• What is required:
Write back every entry exactly as it reads, with the pictures left behind.

━━━━━━━━━━━━━━━━

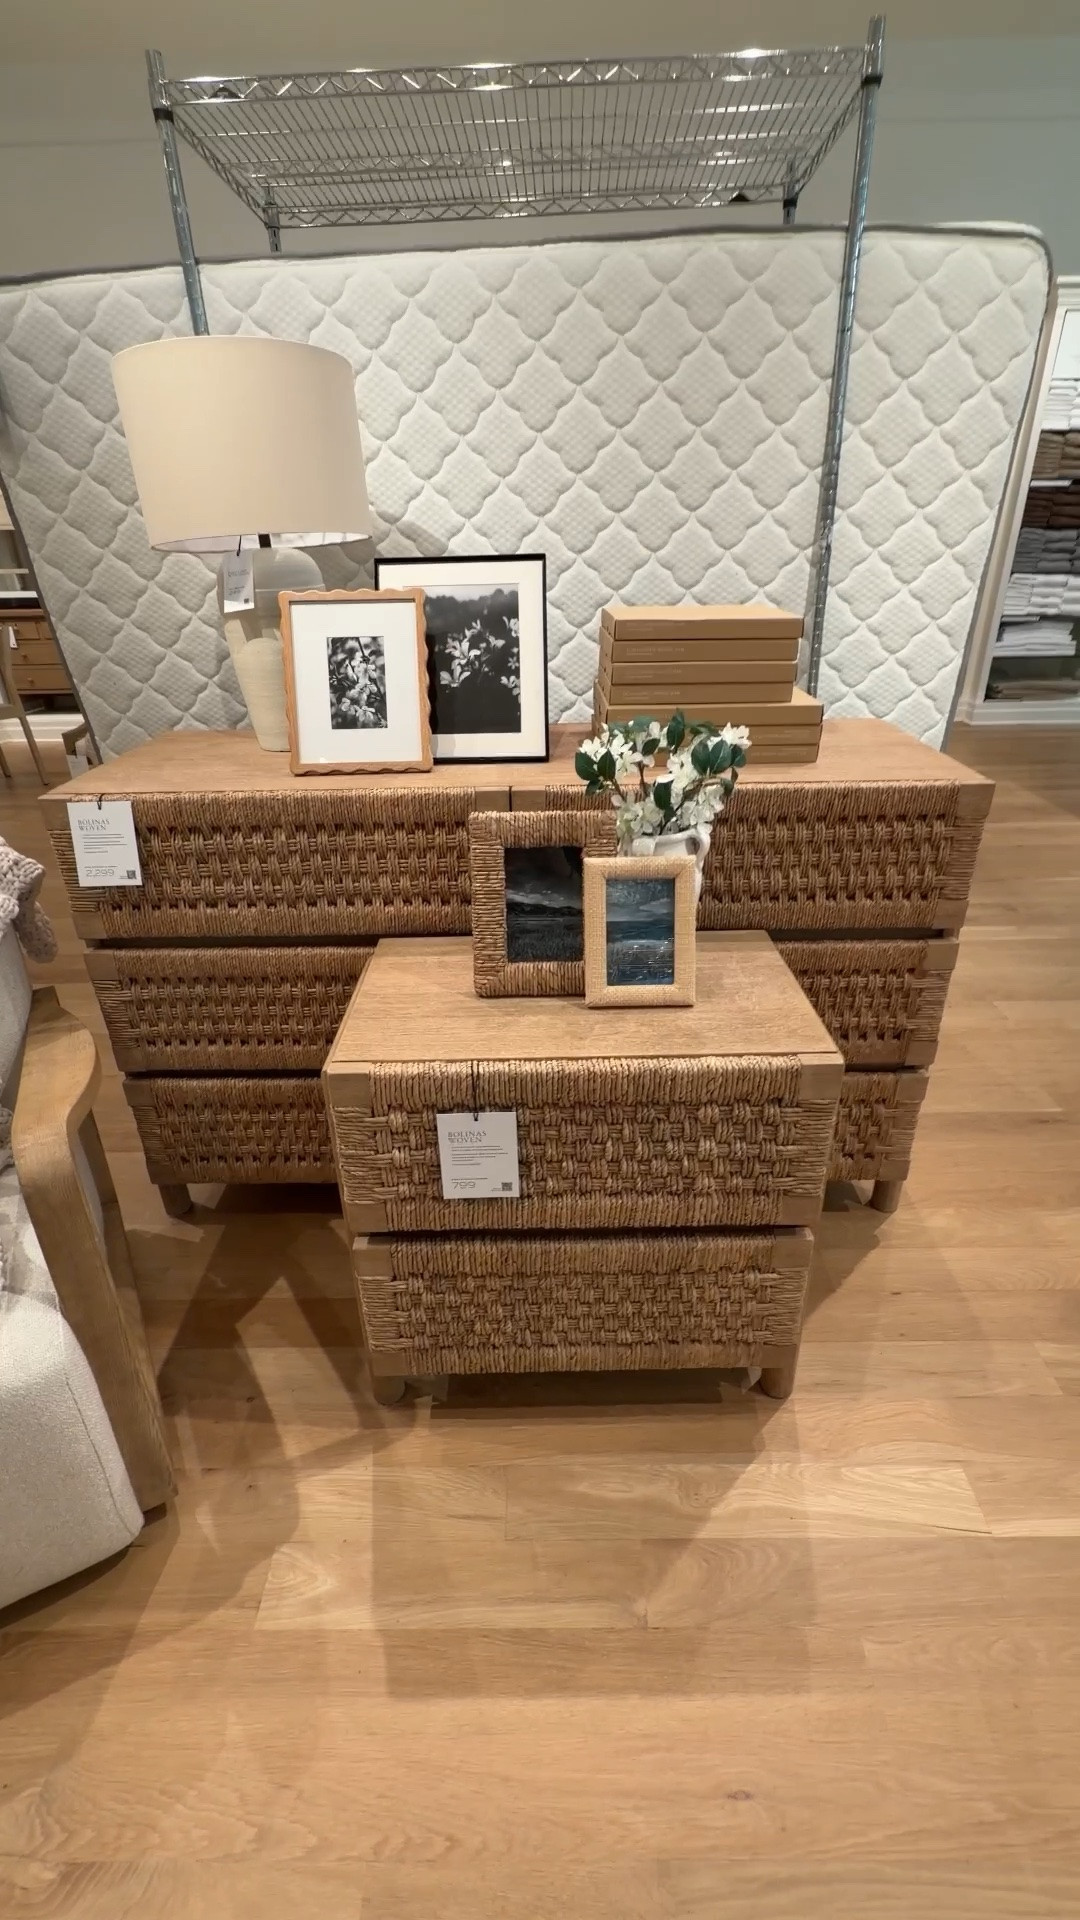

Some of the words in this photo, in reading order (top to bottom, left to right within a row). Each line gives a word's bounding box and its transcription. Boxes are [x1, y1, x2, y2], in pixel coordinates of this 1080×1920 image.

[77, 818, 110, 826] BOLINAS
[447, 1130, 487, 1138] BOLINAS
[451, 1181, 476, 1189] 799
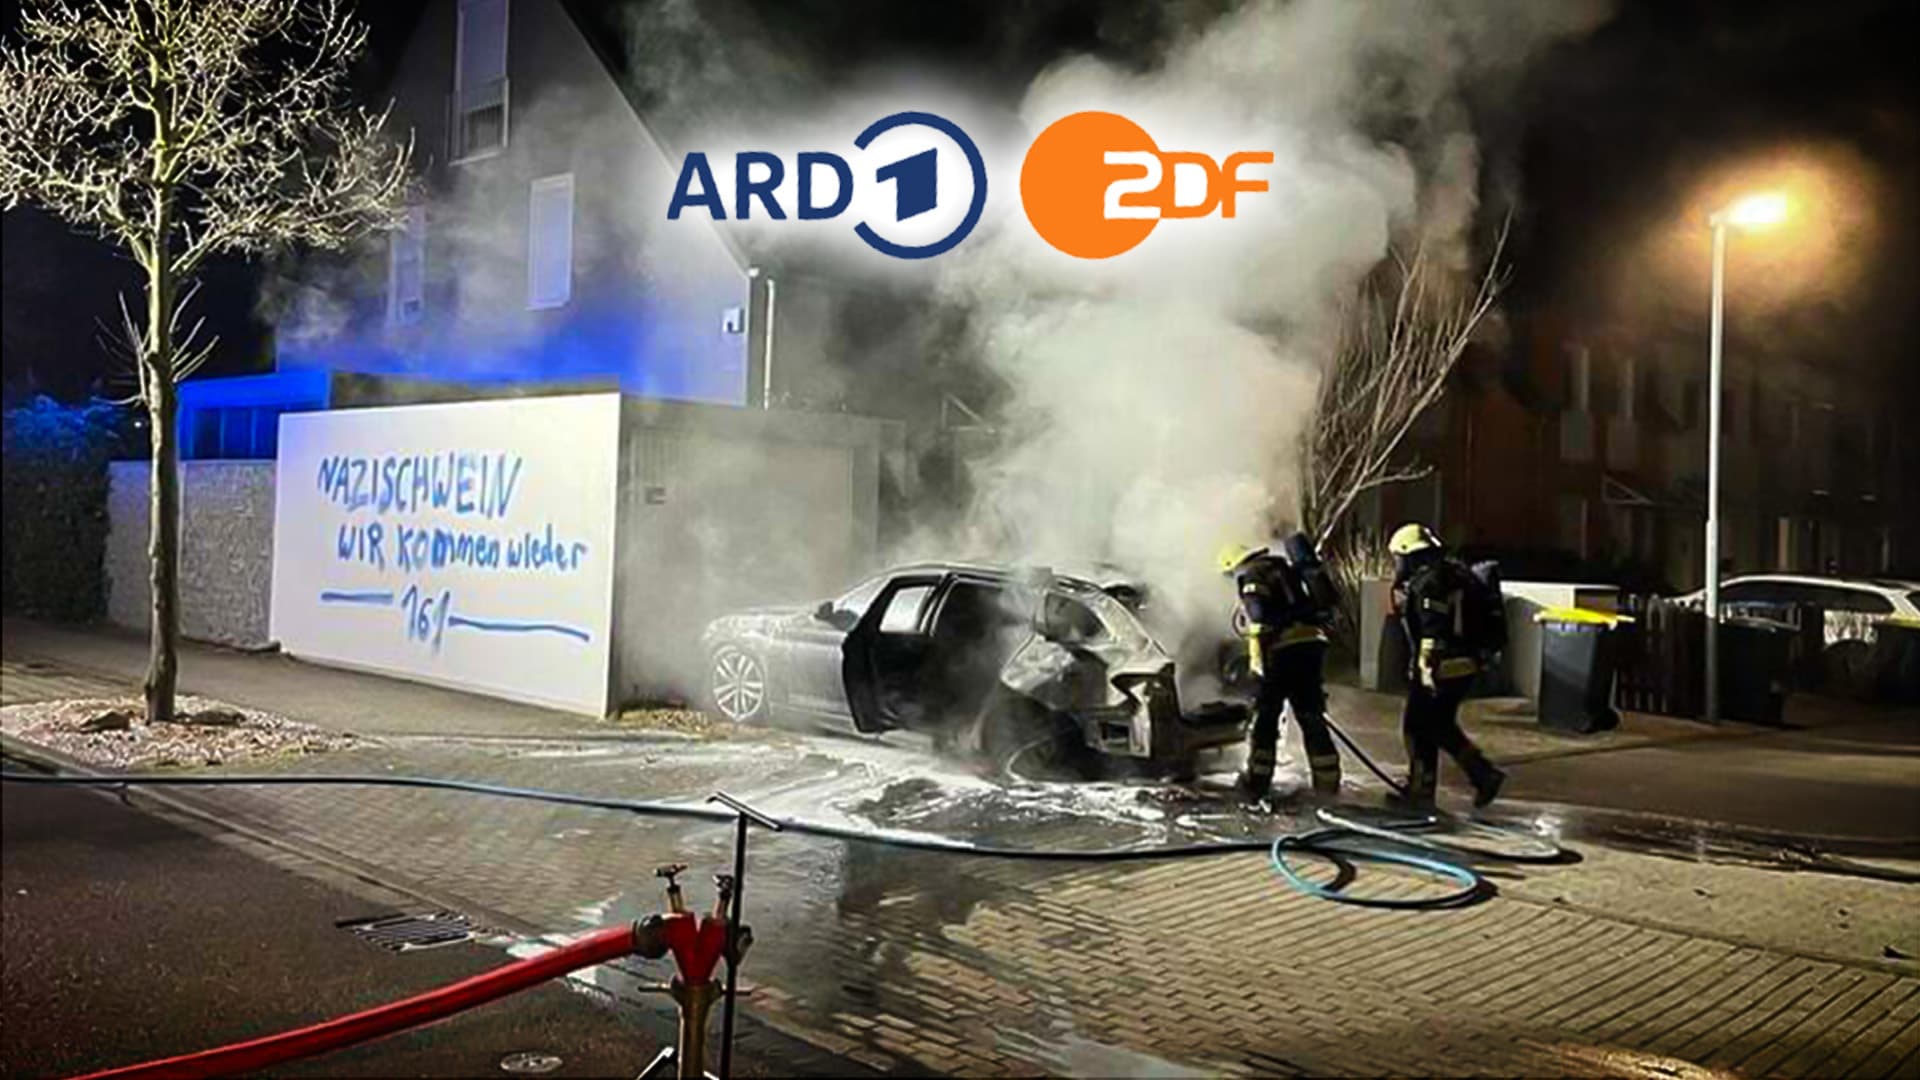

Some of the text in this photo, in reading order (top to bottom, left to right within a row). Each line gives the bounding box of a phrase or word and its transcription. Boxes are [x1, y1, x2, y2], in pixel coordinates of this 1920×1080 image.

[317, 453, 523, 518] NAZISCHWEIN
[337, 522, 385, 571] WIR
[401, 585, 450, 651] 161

━━━━━━━━━━━━━━━━

• Solution to the exercise:
Some of the words in this photo, in reading order (top to bottom, left to right within a row). Each line gives a word's bounding box and its transcription. Boxes are [x1, y1, x2, y2], in pixel coordinates of this 1080×1920 image.

[77, 818, 110, 826] BOLINAS
[447, 1130, 487, 1138] BOLINAS
[451, 1181, 476, 1189] 799

Some of the text in this photo, in reading order (top to bottom, left to right within a row). Each line gives the bounding box of a phrase or word and its transcription. Boxes are [x1, y1, x2, y2], in pixel coordinates of this 1920×1080 image.

[317, 453, 523, 518] NAZISCHWEIN
[337, 522, 385, 571] WIR
[401, 585, 450, 651] 161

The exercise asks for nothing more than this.